Think of Typedef as Spark if it had been born in 2025 and raised on LLMs instead of batch jobs. It unifies search, inference, and transformation into one engine. No clusters, no provisioning, no Frankenstein architectures. You get deterministic pipelines layered over non-deterministic models, token management that doesn’t melt under pressure, and observability that lets your ops team sleep again.
Early adopters like Matic are already putting it to work, using Typedef to extract semantic meaning from messy insurance data, reducing E&O risk and operational errors. And the open-source Fenic framework? A PySpark-style DataFrame API tuned for LLMs, not CSVs. Typedef isn’t just showing up to the AI infrastructure party, they’re DJing the set.

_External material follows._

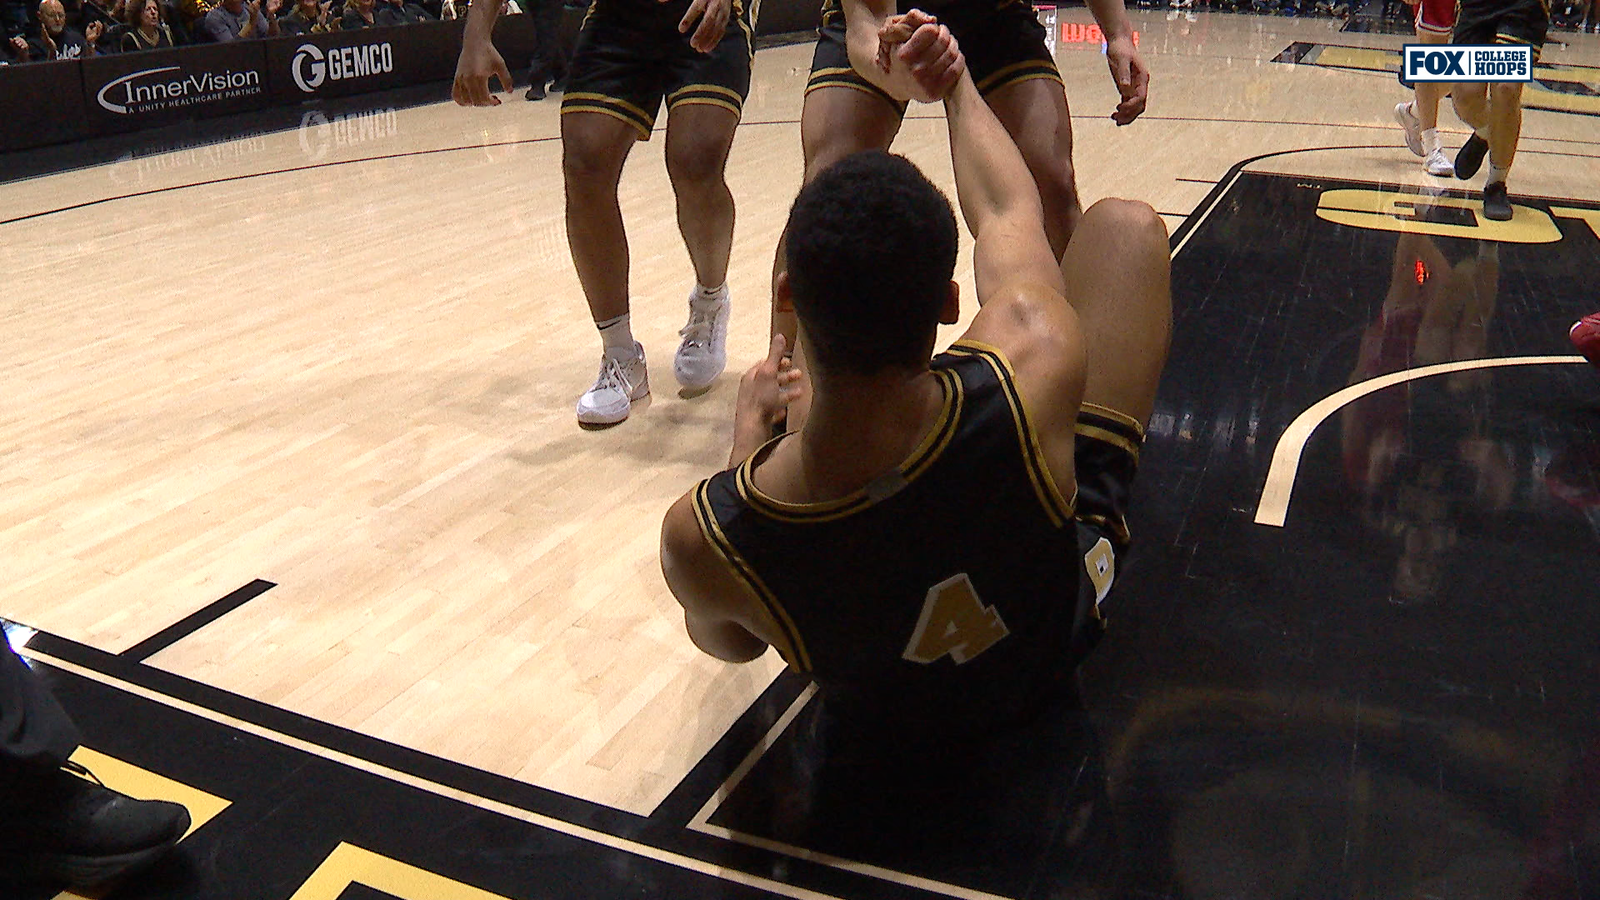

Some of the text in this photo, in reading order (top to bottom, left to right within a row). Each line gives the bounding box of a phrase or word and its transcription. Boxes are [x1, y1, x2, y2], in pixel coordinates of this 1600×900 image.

This $5.5M round is fuel for the fire. Engineering and product teams are growing. Governance, observability, and multicloud are on deck. The target market? Enterprise teams who are tired of pilot paralysis and want real deployments with real uptime. Financial services, healthcare, ecommerce, and tech, if you’ve got data and ambition, Typedef has an engine ready to move it.